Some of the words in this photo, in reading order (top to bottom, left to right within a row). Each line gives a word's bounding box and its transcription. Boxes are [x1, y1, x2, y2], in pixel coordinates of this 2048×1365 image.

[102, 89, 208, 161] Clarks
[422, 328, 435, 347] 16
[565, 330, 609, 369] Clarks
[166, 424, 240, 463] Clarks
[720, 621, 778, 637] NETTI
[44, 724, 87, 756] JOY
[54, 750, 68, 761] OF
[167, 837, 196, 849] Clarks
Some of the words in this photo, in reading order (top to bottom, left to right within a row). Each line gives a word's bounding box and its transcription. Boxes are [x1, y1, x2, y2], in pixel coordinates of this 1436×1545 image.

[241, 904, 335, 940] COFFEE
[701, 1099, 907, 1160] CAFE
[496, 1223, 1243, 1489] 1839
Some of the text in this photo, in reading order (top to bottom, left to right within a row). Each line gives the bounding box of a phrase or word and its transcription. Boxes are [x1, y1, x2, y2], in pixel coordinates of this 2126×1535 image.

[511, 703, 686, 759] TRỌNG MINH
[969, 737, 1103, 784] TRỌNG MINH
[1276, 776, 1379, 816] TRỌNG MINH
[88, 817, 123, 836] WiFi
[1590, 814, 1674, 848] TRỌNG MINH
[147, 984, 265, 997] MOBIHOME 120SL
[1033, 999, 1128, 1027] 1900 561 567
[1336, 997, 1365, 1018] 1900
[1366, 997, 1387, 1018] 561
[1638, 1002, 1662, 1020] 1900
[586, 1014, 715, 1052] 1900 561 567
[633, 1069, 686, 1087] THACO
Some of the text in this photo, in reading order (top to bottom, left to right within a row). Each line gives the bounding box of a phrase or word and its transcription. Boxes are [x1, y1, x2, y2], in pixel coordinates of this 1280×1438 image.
++++++++
= Task directions =
Each entry should be reproduced in the output exactly.

= Expected answer =
Some of the words in this photo, in reading order (top to bottom, left to right within a row). Each line gives a word's bounding box and its transcription. Boxes are [x1, y1, x2, y2], in pixel coordinates of this 2048×1365 image.

[102, 89, 208, 161] Clarks
[422, 328, 435, 347] 16
[565, 330, 609, 369] Clarks
[166, 424, 240, 463] Clarks
[720, 621, 778, 637] NETTI
[44, 724, 87, 756] JOY
[54, 750, 68, 761] OF
[167, 837, 196, 849] Clarks
Some of the words in this photo, in reading order (top to bottom, left to right within a row). Each line gives a word's bounding box and its transcription. Boxes are [x1, y1, x2, y2], in pixel coordinates of this 1436×1545 image.

[241, 904, 335, 940] COFFEE
[701, 1099, 907, 1160] CAFE
[496, 1223, 1243, 1489] 1839
Some of the text in this photo, in reading order (top to bottom, left to right within a row). Each line gives the bounding box of a phrase or word and its transcription. Boxes are [x1, y1, x2, y2], in pixel coordinates of this 2126×1535 image.

[511, 703, 686, 759] TRỌNG MINH
[969, 737, 1103, 784] TRỌNG MINH
[1276, 776, 1379, 816] TRỌNG MINH
[88, 817, 123, 836] WiFi
[1590, 814, 1674, 848] TRỌNG MINH
[147, 984, 265, 997] MOBIHOME 120SL
[1033, 999, 1128, 1027] 1900 561 567
[1336, 997, 1365, 1018] 1900
[1366, 997, 1387, 1018] 561
[1638, 1002, 1662, 1020] 1900
[586, 1014, 715, 1052] 1900 561 567
[633, 1069, 686, 1087] THACO
Some of the text in this photo, in reading order (top to bottom, left to right within a row). Each line gives the bounding box of a phrase or word and its transcription. Boxes are [x1, y1, x2, y2], in pixel coordinates of this 1280×1438 image.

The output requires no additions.